The United Kingdom fields one of the most powerful, efficient and comprehensive armed forces in the world. Its global power projection capabilities are deemed second only to the United States military, and its navy is the world's second strongest.[64] Amongst the NATO allies, the Royal Navy's total naval tonnage is second only to the United States military and has the third largest share of tactical combat aircraft to the US and France.[65] According to the British Ministry of Defence, the UK has the second highest military expenditure in the world.[66]
The British Armed Forces maintains an arsenal of advanced weapons systems including the Challenger 2 tank and the BAe Eurofighter Typhoon jet fighter.
The United Kingdom possesses a comprehensive nuclear arsenal (one of the small number of countries to do so), utilising the submarine-based Trident II ballistic missile system with nuclear warheads. These Vanguard class submarines were designed and built by VSEL (now BAE Systems Submarines) at Barrow-in-Furness.
The British Armed Forces are charged with protecting the United Kingdom and its overseas territories, promoting the United Kingdom's wider security interests, and supporting international peacekeeping efforts. They are active and regular participants in North Atlantic Treaty Organisation (NATO) and other coalition operations.
The British Army had a reported strength of 102,440 in 2005[67] and the Royal Air Force a strength of 49,210. The 36,320-member Royal Navy operates the United Kingdom's nuclear deterrent, which consists of four Trident missile-armed submarines, while the Royal Marines are the Royal Navy's Light Infantry units for amphibious operations and for specialist reinforcement forces in and beyond the NATO area. This puts total active duty military personnel in the range of 190,000 deployed in over eighty countries.
There are also reserve forces supporting the regular military. These include an army reserve, the Territorial Army (TA), the Royal Naval Reserve (RNR), Royal Marines Reserve (RMR) and the Royal Auxiliary Air Force (RAuxAF). About 9% of the regular armed forces is made up of women, a figure that is higher for the reserve forces.
The United Kingdom Special Forces, principally the Special Air Service (SAS) and Special Boat Service (SBS), provide troops trained for quick, mobile, military responses in counter-terrorism, land, maritime and amphibious operations, often where secrecy or covert operations are required.
Despite the United Kingdom's wide-ranging capabilities, recent pragmatic defence policy has a stated assumption that "the most demanding operations" would be undertaken as part of a coalition.[68] Bosnia, Kosovo, Afghanistan (Operations VERITAS, FINGAL and HERRICK), Iraq (Ops GRANBY, DESERT FOX, TELIC and the no-fly zones) may all be taken as precedent; the last war in which the British military fought alone was the Falklands War of 1982, with full-scale combat operations lasting almost three months.
Culture
Education
The United Kingdom contains some of the world's leading seats of higher education, such as the universities of Oxford and Cambridge, along with Imperial College, the London School of Economics and University College (UCL) of the University of London.[69]

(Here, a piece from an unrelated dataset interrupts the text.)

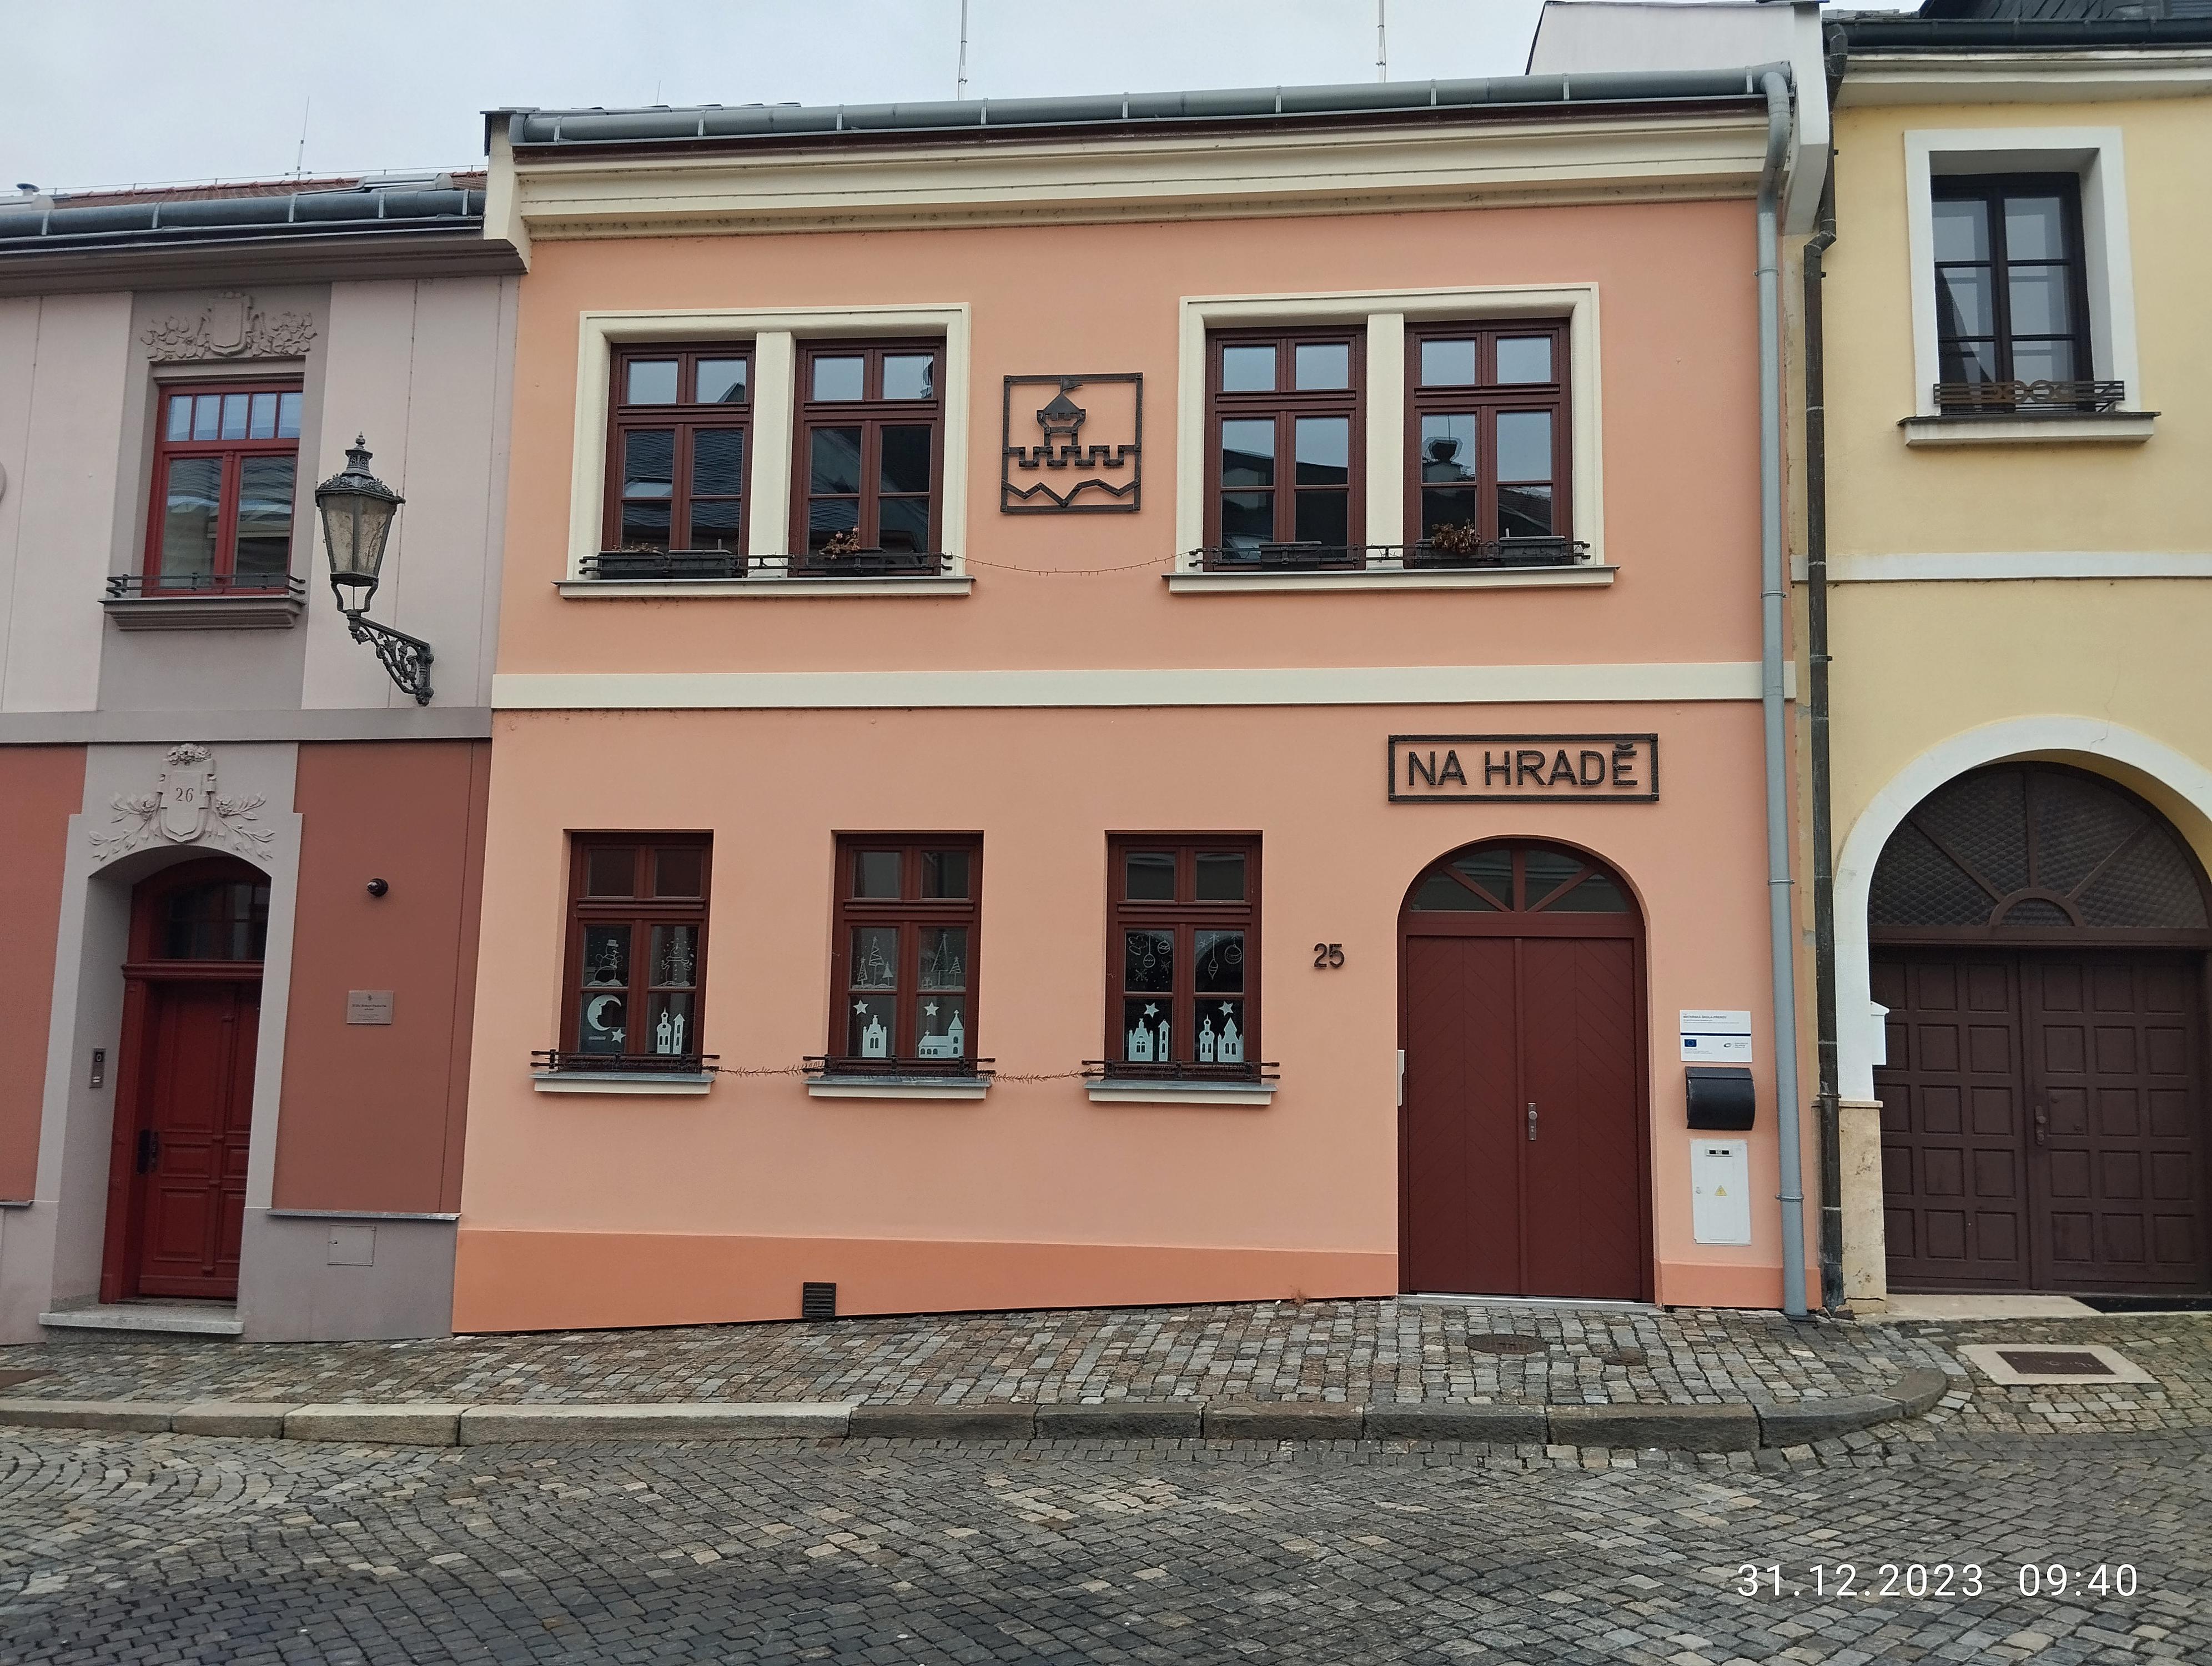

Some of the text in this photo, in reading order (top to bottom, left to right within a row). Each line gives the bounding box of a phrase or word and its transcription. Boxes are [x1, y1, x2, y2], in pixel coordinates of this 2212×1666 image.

[1408, 742, 1638, 786] NA HRADĚ
[175, 787, 194, 802] 26
[1314, 943, 1344, 968] 25

In 2007 there are 112 universities/university colleges in the UK. This amounts to 138 university-level institutions if the distinct constituent colleges of the University of London and University of Wales are defined as separate universities. Most of the UK's major cities are home to two or more universities.

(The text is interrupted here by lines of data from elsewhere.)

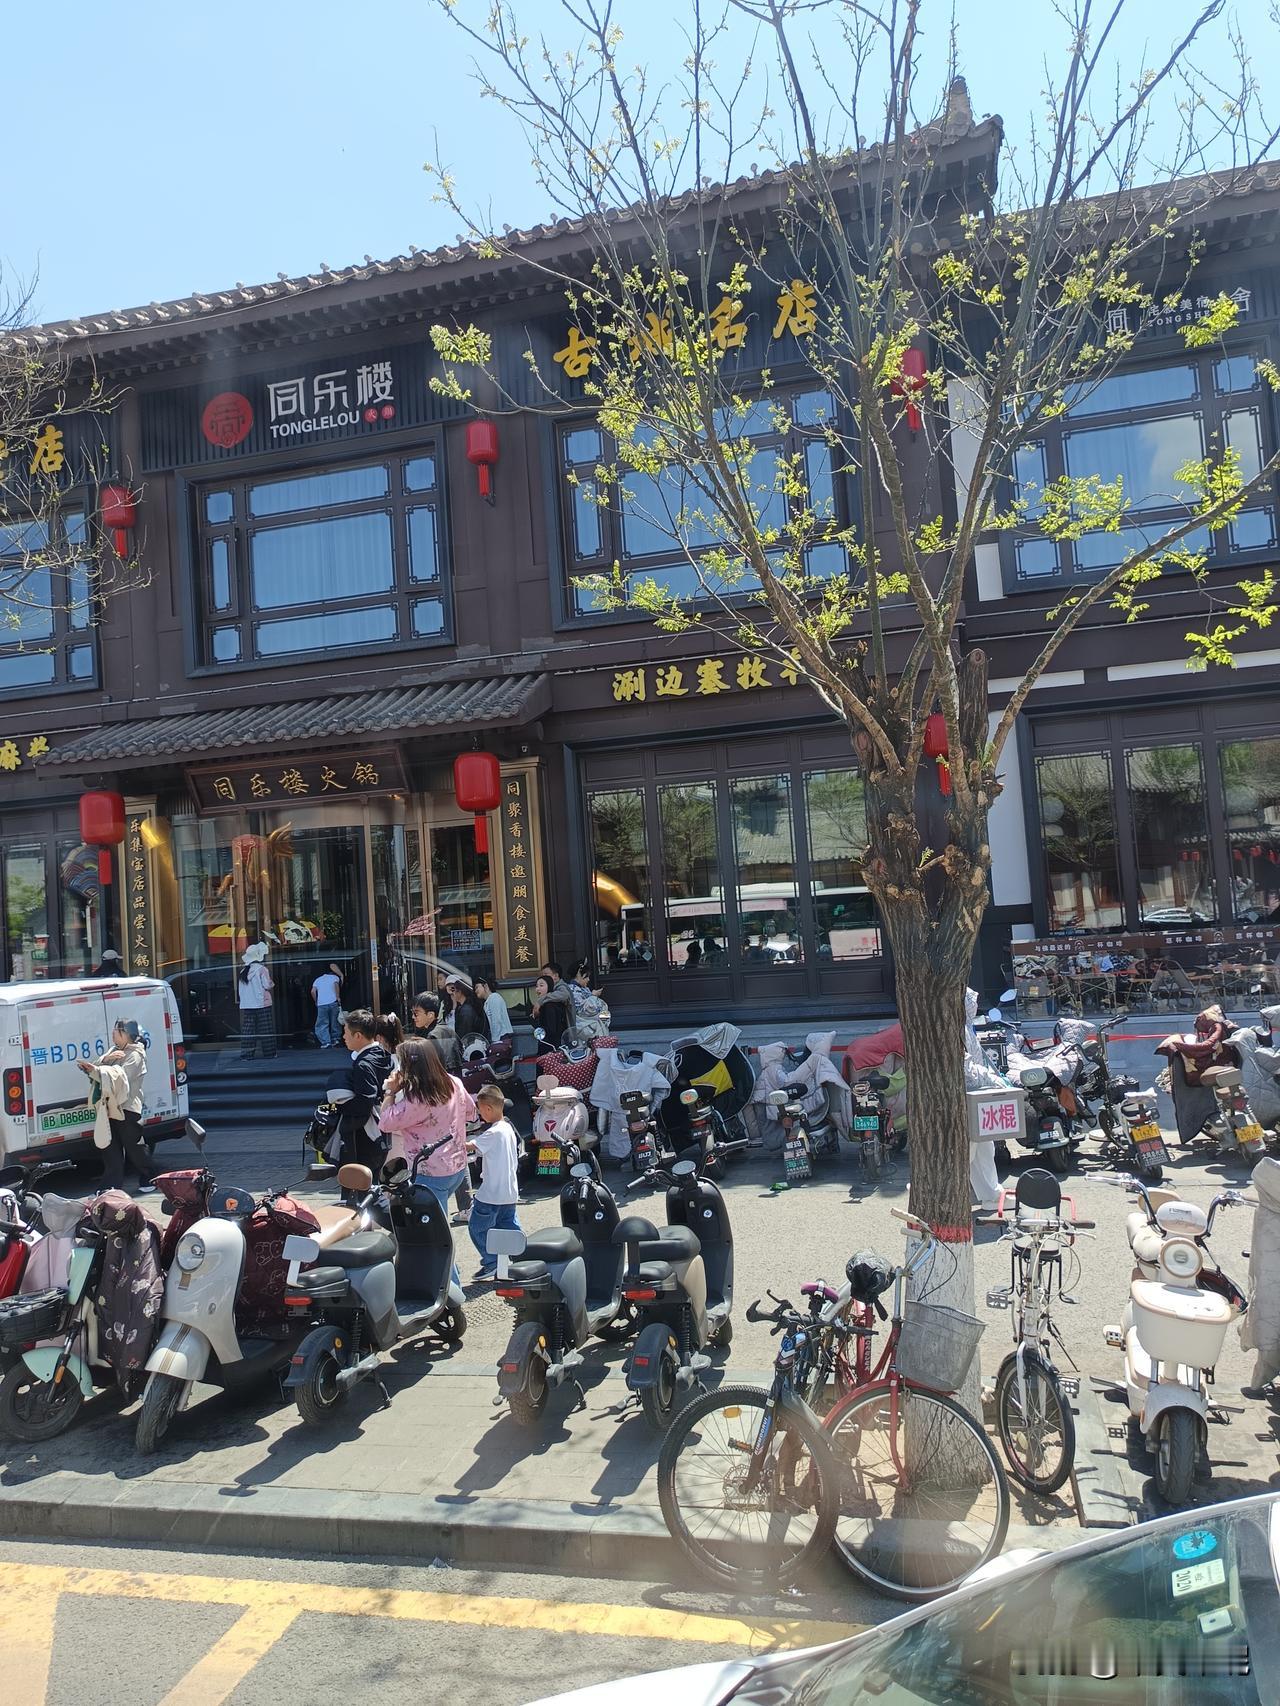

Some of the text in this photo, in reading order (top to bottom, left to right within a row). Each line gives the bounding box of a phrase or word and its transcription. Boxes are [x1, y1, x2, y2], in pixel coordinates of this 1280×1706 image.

[267, 361, 394, 423] 同乐楼
[270, 410, 360, 439] TONGLELOU
[213, 761, 379, 801] 同乐楼火锅
[130, 818, 150, 978] 乐集宝店品尝火锅
[981, 1103, 1017, 1130] 冰棍

Parts of the United Kingdom use a segregation system in their state-sector schooling. In these areas parents may choose to enter their children into the Eleven Plus, an entrance test to a specific group of elite state Grammar schools. Those who do not take the test, or do not reach the mark necessary for entrance to these schools, are usually allocated a place at a comprehensive school, where children are not selected on the basis of academic aptitude.
The United Kingdom also has an extensive private education system, with some of these independent schools confusingly known as Public Schools.
Science
The United Kingdom has played a significant role in the development of science. Ideas on the scientific method were discussed by Francis Bacon in the early seventeenth century. In the late seventeenth century, Sir Isaac Newton was a major contributor to classical physics, notably illuminating gravity. Other later notable physicists from the UK include James Clerk Maxwell who unified electromagnetism, Lord Kelvin of the Kelvin scale, Michael Faraday another investigator of electromagnetism, and Joseph Thomson who showed that the electron was a subatomic particle. In chemistry, Henry Cavendish discovered hydrogen. In biology, Charles Darwin and Wallace proposed evolution by natural selection providing an overarching theory of biology. Later Francis Crick was involved in understanding the structure of DNA. Major scientific journals are produced in the UK including Nature, the British Medical Journal and The Lancet. In 2006, it was reported that the UK was the most productive source of research after the United States; producing 9% of the world's scientific research papers with a 12% share of citations.[70] It has produced innumerable scholars, scientists and engineers including Sir Isaac Newton, Bertrand Russell, Adam Smith, James Clerk Maxwell, Lord Kelvin, Sir Humphry Davy, Joseph John Thomson, Sir Ronald Aylmer Fisher, Michael Faraday, Charles Darwin, Alexander Fleming, Francis Crick and Isambard Kingdom Brunel; the nation is credited with numerous scientific discoveries including hydrogen, oxygen, gravity, the electron, the structure of DNA, human evolution and natural selection and inventions including the marine chronometer, television, the jet engine, the modern bicycle, the electronic computer and the later development of the World Wide Web, largely attributed to Tim Berners-Lee. The UK was also the world's first country to introduce regular public radio and television services, and introduced the world's first fully-functioning civil and military radar network and public railway transport system.
Literature
The countries that make up the United Kingdom have provided some of the world's most notable and popular authors, poets and literary figures. The English playwright and poet William Shakespeare is widely regarded as the greatest writer in the English language.[71][72][73]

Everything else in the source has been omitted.